- TASK TO CARRY OUT:
Leaving the pictures aside, repeat each line below exactly.

################

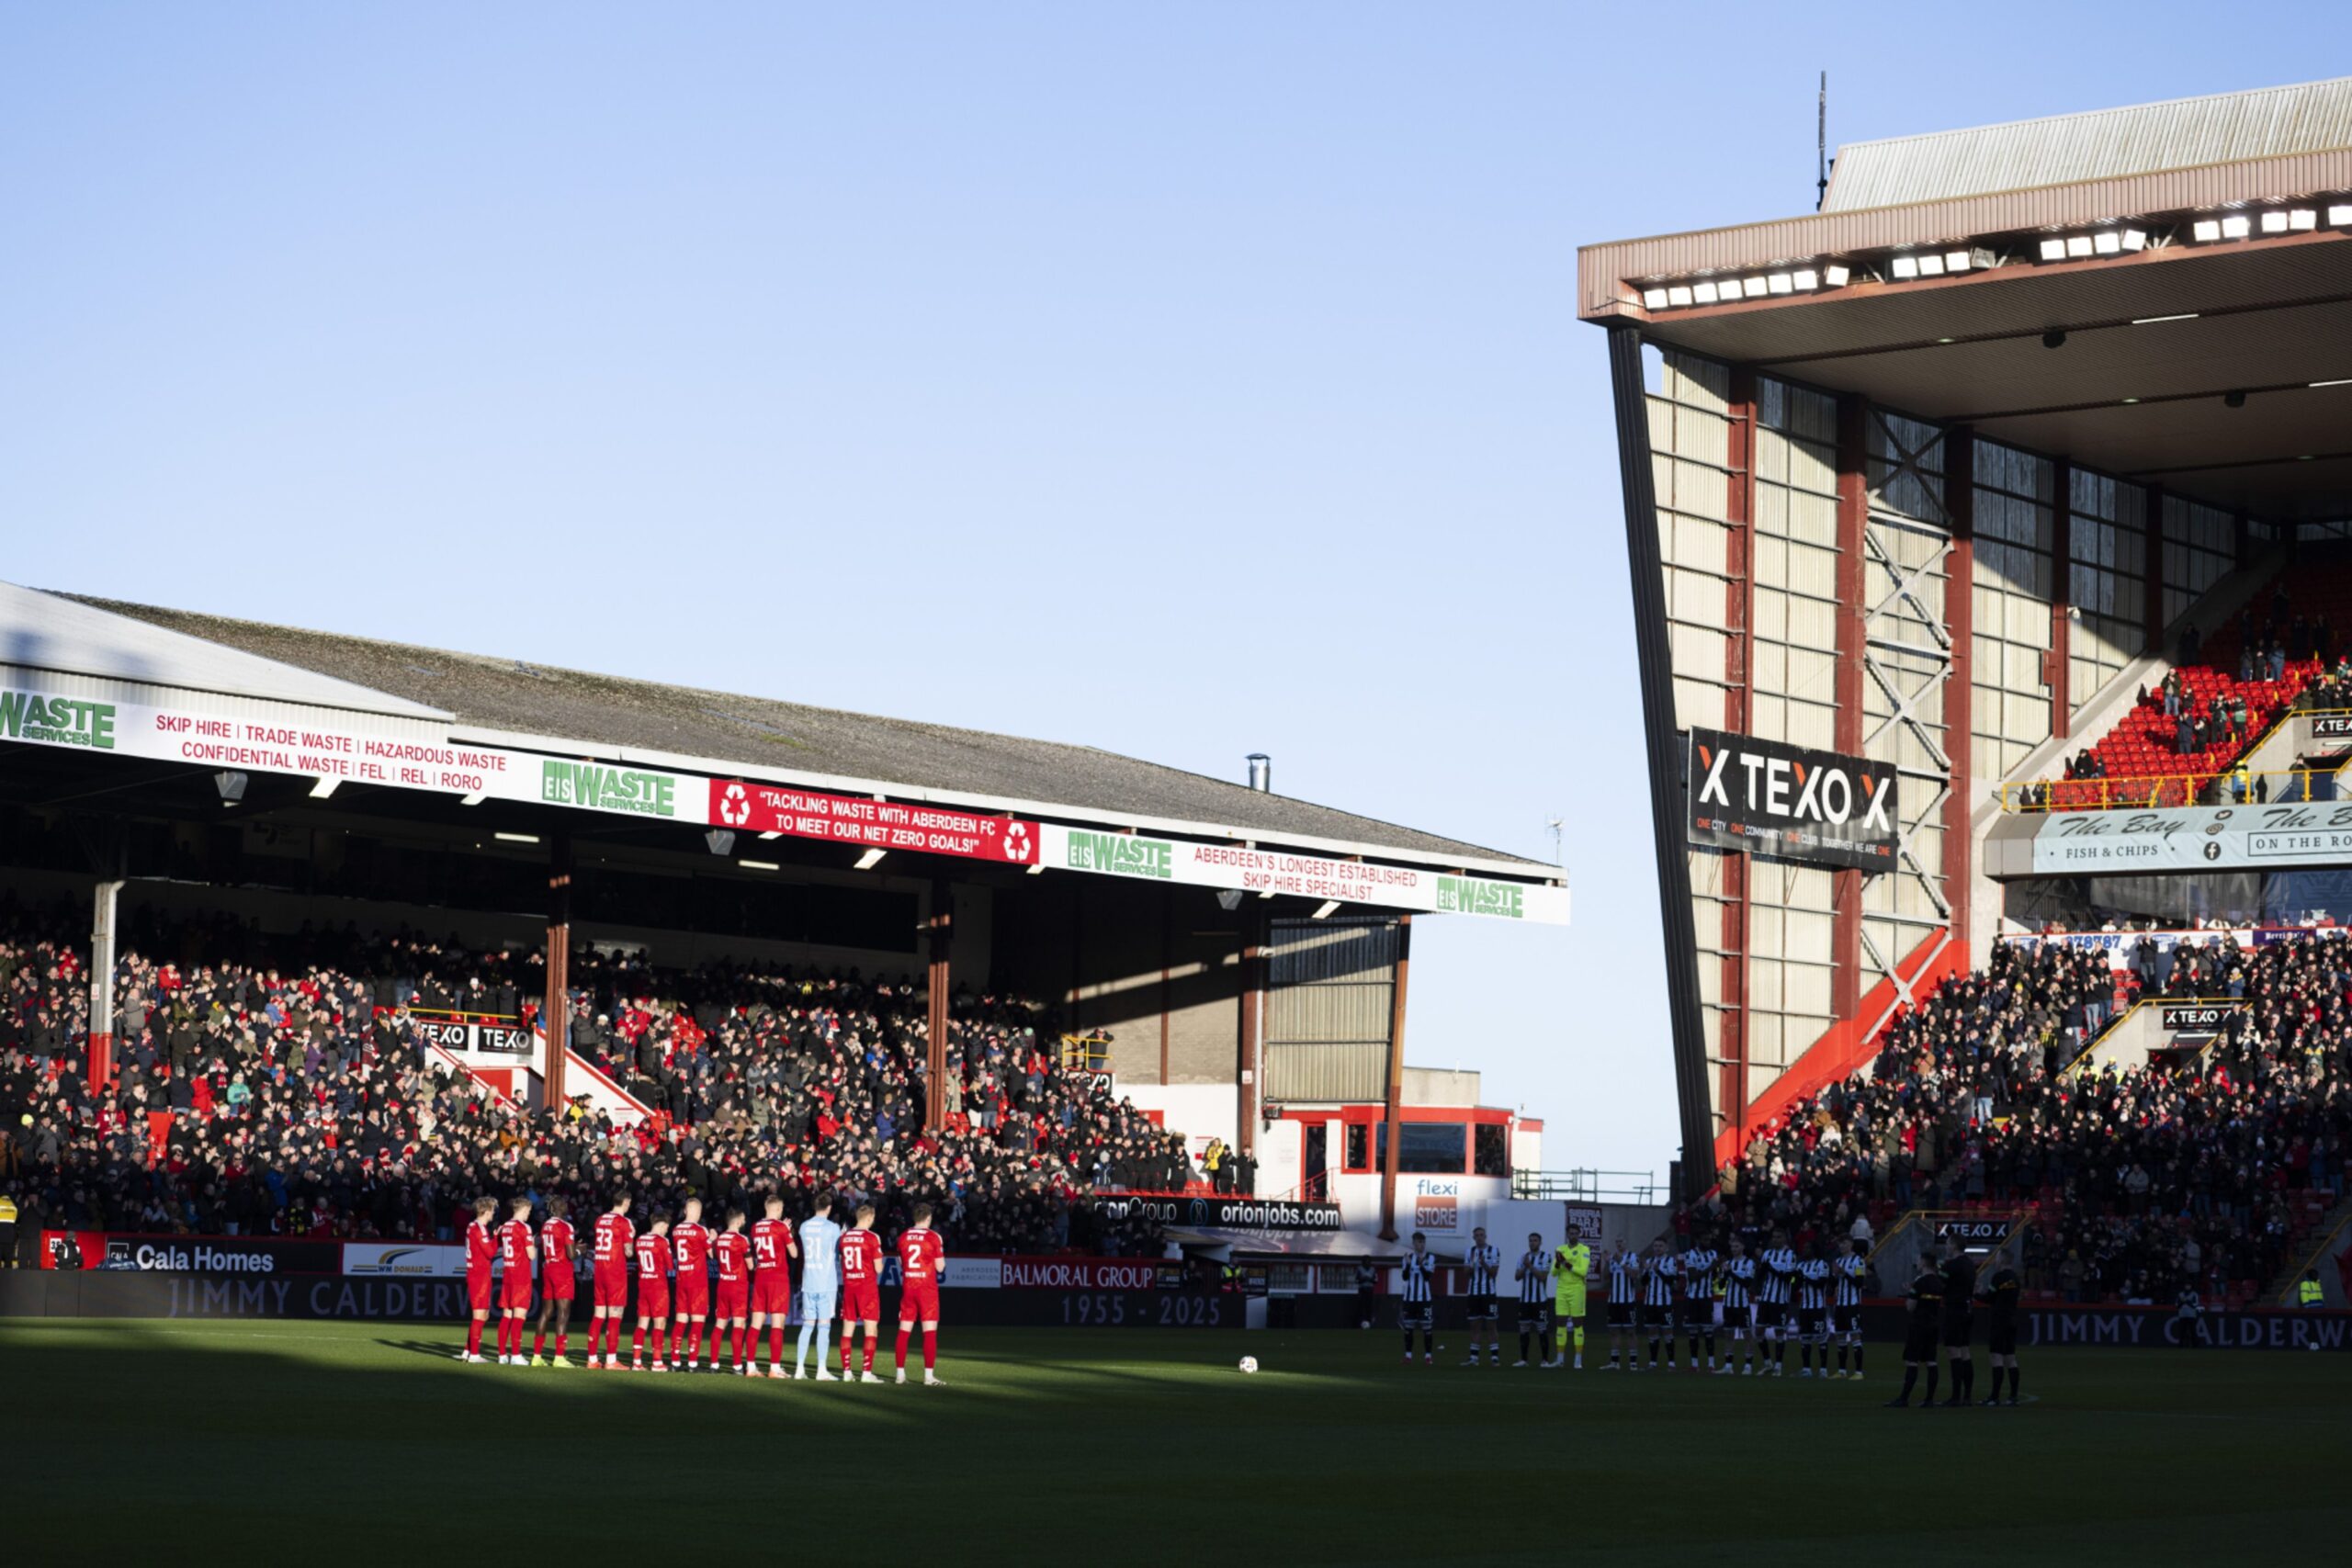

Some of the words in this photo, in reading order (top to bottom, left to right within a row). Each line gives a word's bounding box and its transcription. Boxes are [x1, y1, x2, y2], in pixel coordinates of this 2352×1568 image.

[0, 691, 116, 749] WASTE
[22, 726, 90, 746] SERVICES
[156, 715, 191, 733] SKIP
[197, 720, 231, 738] HIRE
[246, 726, 297, 747] TRADE
[301, 732, 352, 753] WASTE
[366, 740, 454, 765] HAZARDOUS
[458, 751, 506, 771] WASTE
[182, 741, 293, 769] CONFIDENTIAL
[298, 755, 348, 774] WASTE
[360, 762, 386, 780] FEL
[401, 768, 428, 784] REL
[441, 773, 482, 790] RORO
[543, 770, 571, 801] EIS
[573, 764, 674, 816] WASTE
[1699, 745, 1730, 807] X
[1740, 752, 1852, 825] TEXO
[600, 797, 655, 814] SERVICES
[831, 800, 875, 820] WASTE
[877, 806, 909, 825] WITH
[911, 813, 977, 835] ABERDEEN
[979, 819, 995, 836] FC
[2262, 807, 2317, 829] The
[775, 814, 793, 830] TO
[796, 817, 831, 835] MEET
[833, 821, 861, 839] OUR
[864, 827, 889, 842] NET
[891, 829, 925, 847] ZERO
[1697, 818, 1711, 829] ONE
[1713, 819, 1726, 831] CITY
[1731, 823, 1744, 835] ONE
[1746, 825, 1782, 840] COMMUNITY
[1787, 832, 1800, 843] ONE
[1802, 833, 1818, 846] CLUB
[1822, 837, 1854, 851] TOGETHER
[1854, 842, 1864, 852] WE
[1865, 843, 1877, 855] ARE
[1878, 845, 1891, 857] ONE
[2059, 816, 2111, 837] The
[2120, 814, 2186, 840] Bay
[1069, 838, 1091, 867] EIS
[1092, 833, 1171, 878] WASTE
[2066, 847, 2097, 859] FISH
[2102, 847, 2111, 857] &
[2116, 845, 2158, 857] CHIPS
[2256, 839, 2278, 849] ON
[2289, 837, 2321, 848] THE
[1114, 862, 1156, 876] SERVICES
[1194, 846, 1275, 870] ABERDEEN'S
[1279, 857, 1335, 877] LONGEST
[1340, 864, 1418, 887] ESTABLISHED
[1243, 872, 1272, 887] SKIP
[1274, 875, 1302, 893] HIRE
[1306, 879, 1374, 900] SPECIALIST
[1437, 883, 1457, 910] EIS
[1457, 879, 1523, 918] WASTE
[1475, 903, 1511, 917] SERVICES
[2178, 1010, 2218, 1023] TEXO
[483, 1029, 530, 1049] TEXO
[1418, 1179, 1458, 1195] flexi
[1220, 1200, 1340, 1229] orionjobs.com
[1417, 1206, 1456, 1226] STORE
[595, 1228, 613, 1251] 33
[1951, 1223, 1992, 1236] TEXO
[138, 1245, 190, 1270] Cala
[194, 1245, 274, 1272] Homes
[502, 1236, 514, 1258] 16
[677, 1239, 688, 1263] 6
[754, 1235, 775, 1260] 24
[805, 1236, 821, 1259] 31
[843, 1246, 863, 1270] 81
[908, 1244, 922, 1269] 2
[378, 1265, 392, 1273] WM
[638, 1249, 655, 1273] 10
[719, 1249, 731, 1272] 4
[1002, 1263, 1091, 1287] BALMORAL
[1097, 1267, 1153, 1288] GROUP
[167, 1278, 292, 1318] JIMMY
[310, 1280, 540, 1317] CALDERW
[1061, 1294, 1125, 1324] 1955
[1159, 1295, 1220, 1325] 2025
[2029, 1314, 2145, 1346] JIMMY
[2164, 1316, 2352, 1348] CALDERW

################

- ANSWER SECTION:
Some of the words in this photo, in reading order (top to bottom, left to right within a row). Each line gives a word's bounding box and its transcription. Boxes are [x1, y1, x2, y2], in pixel coordinates of this 2352×1568 image.

[0, 691, 116, 749] WASTE
[22, 726, 90, 746] SERVICES
[156, 715, 191, 733] SKIP
[197, 720, 231, 738] HIRE
[246, 726, 297, 747] TRADE
[301, 732, 352, 753] WASTE
[366, 740, 454, 765] HAZARDOUS
[458, 751, 506, 771] WASTE
[182, 741, 293, 769] CONFIDENTIAL
[298, 755, 348, 774] WASTE
[360, 762, 386, 780] FEL
[401, 768, 428, 784] REL
[441, 773, 482, 790] RORO
[543, 770, 571, 801] EIS
[573, 764, 674, 816] WASTE
[1699, 745, 1730, 807] X
[1740, 752, 1852, 825] TEXO
[600, 797, 655, 814] SERVICES
[831, 800, 875, 820] WASTE
[877, 806, 909, 825] WITH
[911, 813, 977, 835] ABERDEEN
[979, 819, 995, 836] FC
[2262, 807, 2317, 829] The
[775, 814, 793, 830] TO
[796, 817, 831, 835] MEET
[833, 821, 861, 839] OUR
[864, 827, 889, 842] NET
[891, 829, 925, 847] ZERO
[1697, 818, 1711, 829] ONE
[1713, 819, 1726, 831] CITY
[1731, 823, 1744, 835] ONE
[1746, 825, 1782, 840] COMMUNITY
[1787, 832, 1800, 843] ONE
[1802, 833, 1818, 846] CLUB
[1822, 837, 1854, 851] TOGETHER
[1854, 842, 1864, 852] WE
[1865, 843, 1877, 855] ARE
[1878, 845, 1891, 857] ONE
[2059, 816, 2111, 837] The
[2120, 814, 2186, 840] Bay
[1069, 838, 1091, 867] EIS
[1092, 833, 1171, 878] WASTE
[2066, 847, 2097, 859] FISH
[2102, 847, 2111, 857] &
[2116, 845, 2158, 857] CHIPS
[2256, 839, 2278, 849] ON
[2289, 837, 2321, 848] THE
[1114, 862, 1156, 876] SERVICES
[1194, 846, 1275, 870] ABERDEEN'S
[1279, 857, 1335, 877] LONGEST
[1340, 864, 1418, 887] ESTABLISHED
[1243, 872, 1272, 887] SKIP
[1274, 875, 1302, 893] HIRE
[1306, 879, 1374, 900] SPECIALIST
[1437, 883, 1457, 910] EIS
[1457, 879, 1523, 918] WASTE
[1475, 903, 1511, 917] SERVICES
[2178, 1010, 2218, 1023] TEXO
[483, 1029, 530, 1049] TEXO
[1418, 1179, 1458, 1195] flexi
[1220, 1200, 1340, 1229] orionjobs.com
[1417, 1206, 1456, 1226] STORE
[595, 1228, 613, 1251] 33
[1951, 1223, 1992, 1236] TEXO
[138, 1245, 190, 1270] Cala
[194, 1245, 274, 1272] Homes
[502, 1236, 514, 1258] 16
[677, 1239, 688, 1263] 6
[754, 1235, 775, 1260] 24
[805, 1236, 821, 1259] 31
[843, 1246, 863, 1270] 81
[908, 1244, 922, 1269] 2
[378, 1265, 392, 1273] WM
[638, 1249, 655, 1273] 10
[719, 1249, 731, 1272] 4
[1002, 1263, 1091, 1287] BALMORAL
[1097, 1267, 1153, 1288] GROUP
[167, 1278, 292, 1318] JIMMY
[310, 1280, 540, 1317] CALDERW
[1061, 1294, 1125, 1324] 1955
[1159, 1295, 1220, 1325] 2025
[2029, 1314, 2145, 1346] JIMMY
[2164, 1316, 2352, 1348] CALDERW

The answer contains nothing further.